Quando vires os teus olhos a verem-te, quando não souberes se tu és tu ou se o teu reflexo no espelho és tu, quando não conseguires distinguir-te de ti, olha para o fundo dessa pessoa que és e imagina o que aconteceria se todos soubessem aquilo que só tu sabes sobre ti.

José Luis Peixoto

terça-feira, 29 de outubro de 2013

do Norte

"No Norte quando se ama, acaba tudo. Começa tudo. Nunca mais esqueceremos. No Sul nada acaba de repente, há mais maneiras, uma forma diferente de nos encontramos e de nos deixarmos. No Norte somos todas rapazes.

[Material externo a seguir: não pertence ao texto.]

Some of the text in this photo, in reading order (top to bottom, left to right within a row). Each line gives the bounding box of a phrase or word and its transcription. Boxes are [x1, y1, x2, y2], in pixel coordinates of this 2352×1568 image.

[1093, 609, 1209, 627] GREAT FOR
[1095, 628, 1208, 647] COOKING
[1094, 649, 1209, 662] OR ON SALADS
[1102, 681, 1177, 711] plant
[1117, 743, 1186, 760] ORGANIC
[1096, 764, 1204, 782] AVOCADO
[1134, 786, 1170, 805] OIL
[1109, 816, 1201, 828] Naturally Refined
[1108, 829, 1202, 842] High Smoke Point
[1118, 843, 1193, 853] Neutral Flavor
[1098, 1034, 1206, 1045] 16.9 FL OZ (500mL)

Há um brio qualquer, uma razão secreta para não haver cavalheirismos. Somos iguais e então é uma guerra. No Sul que parece tão fácil é sempre tudo mais difícil. Se nos arrebatam, estamos doidos, se somos nós a arrebatar, estamos doidos. É assim e eu sei que não é por mal. No Norte matamo-nos, matamos, fazemos um pé-de-vento, há sempre confusão nas estações de comboio. E bêbedos, muitos bêbedos. Metade delas, das bebedeiras, por causa deles. Dos amores partidos. No Norte, uma senhora tem sempre um rasgo de aventura escondido no peito, o Norte é duro, torna-nos duros e desvairados quando amamos. No Norte ama-se tudo, a família tonta, os ricos e os pobres são histórias que se contam casa sim e casa não. No Norte, onde tudo importa, tudo se aceita. Comem-se tripas. Mas no Sul não. No Sul apaixonamo-nos mais vezes e quando damos conta fomos levados. É do calor. E não era assim tão importante. Quando, no Sul, um amor nos arranca do chão, esse é o único. E lembramo-nos do Norte: violento e terno, como todos os grandes amores."


Porque nunca, tanto como aqui, me fizeram ver que sou uma mulher do Norte.